-------- Records supplied

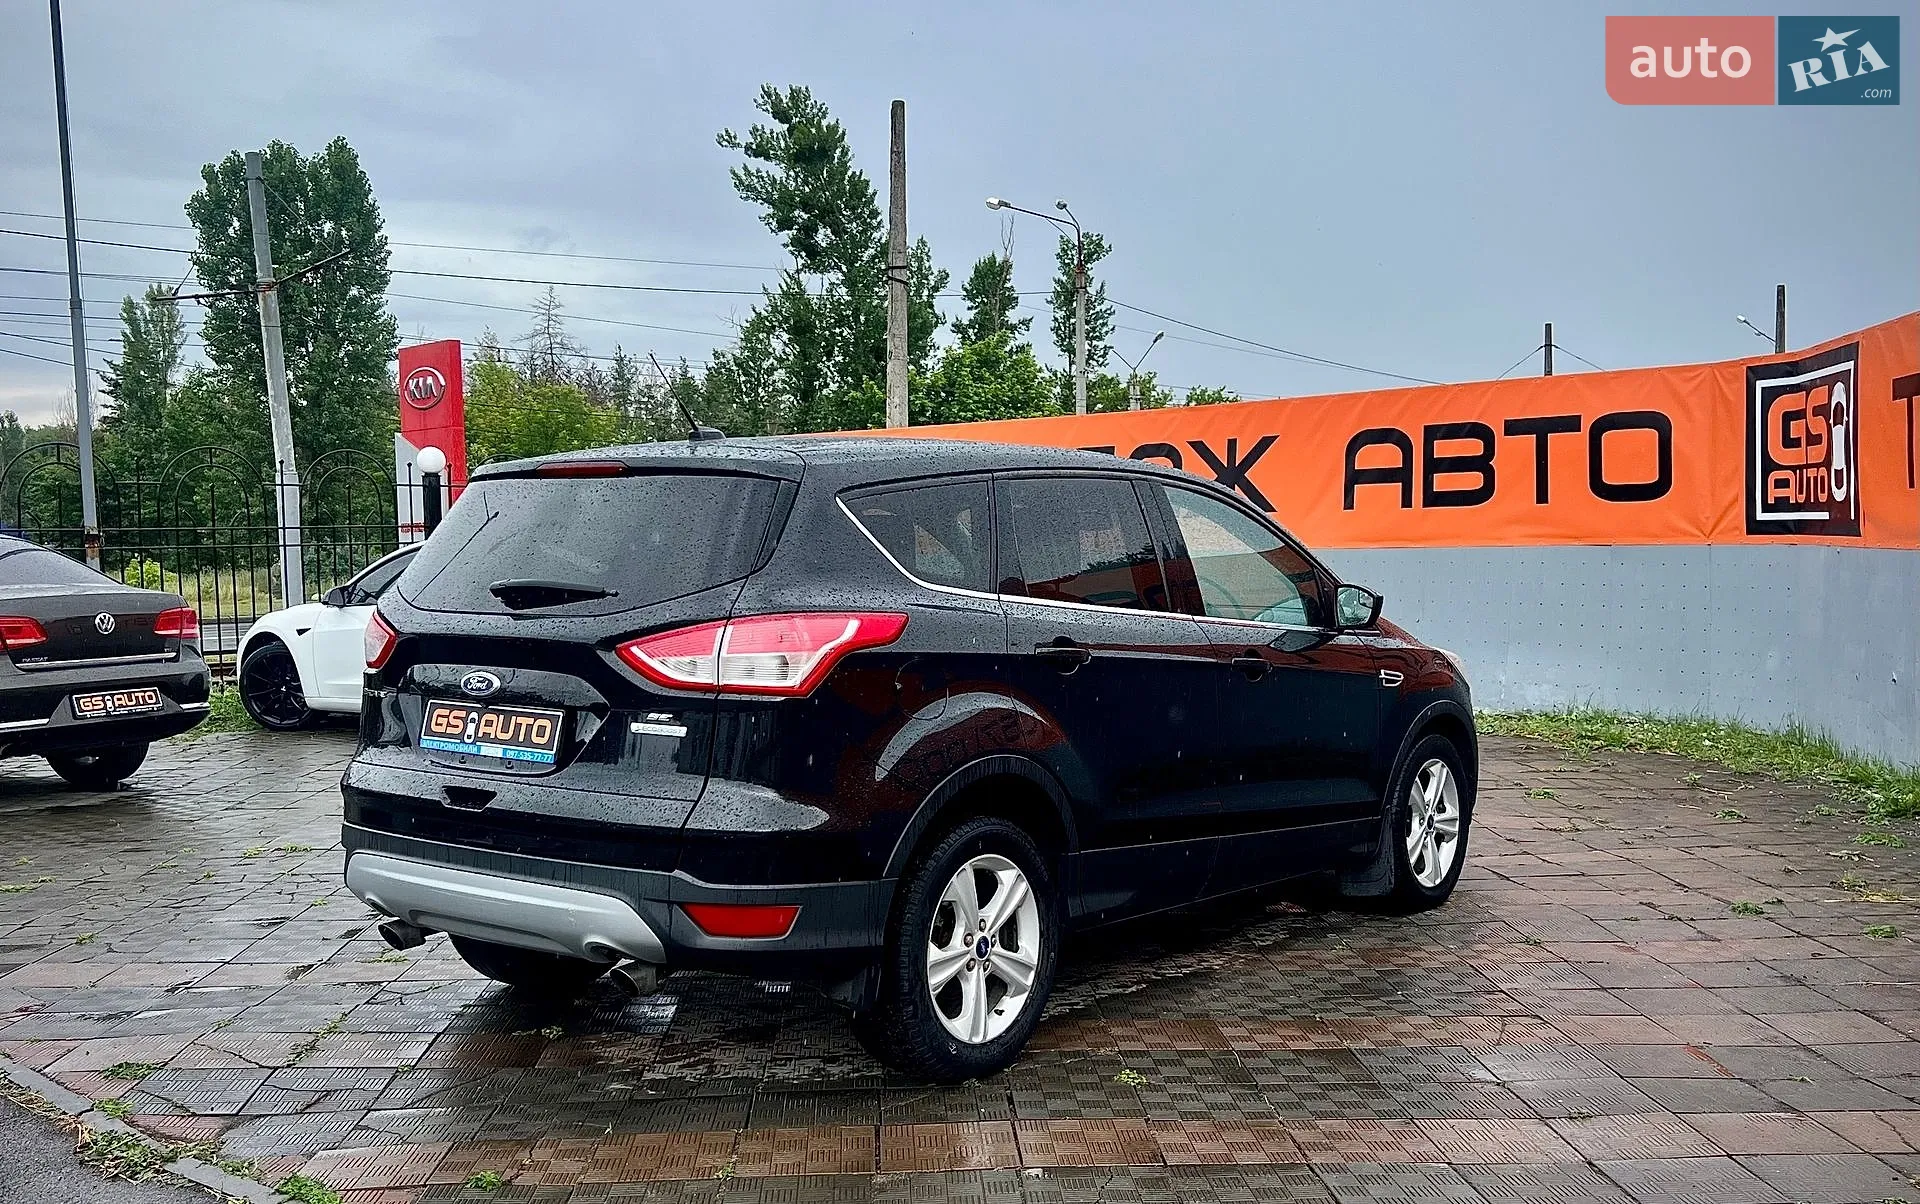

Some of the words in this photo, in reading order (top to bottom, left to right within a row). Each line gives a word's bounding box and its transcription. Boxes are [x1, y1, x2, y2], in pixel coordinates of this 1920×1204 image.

[408, 375, 438, 400] KIA
[1767, 384, 1829, 466] GS
[1343, 410, 1673, 511] АВТО
[1767, 466, 1829, 504] AUTO
[80, 696, 105, 711] GS
[113, 691, 156, 707] AUTO
[430, 708, 467, 735] GS
[478, 713, 552, 744] AUTO

----------------

■ Prompt:
Take the data above and set it down exactly, images excluded.

■ Task solution:
Some of the words in this photo, in reading order (top to bottom, left to right within a row). Each line gives a word's bounding box and its transcription. Boxes are [x1, y1, x2, y2], in pixel coordinates of this 1920×1204 image.

[408, 375, 438, 400] KIA
[1767, 384, 1829, 466] GS
[1343, 410, 1673, 511] АВТО
[1767, 466, 1829, 504] AUTO
[80, 696, 105, 711] GS
[113, 691, 156, 707] AUTO
[430, 708, 467, 735] GS
[478, 713, 552, 744] AUTO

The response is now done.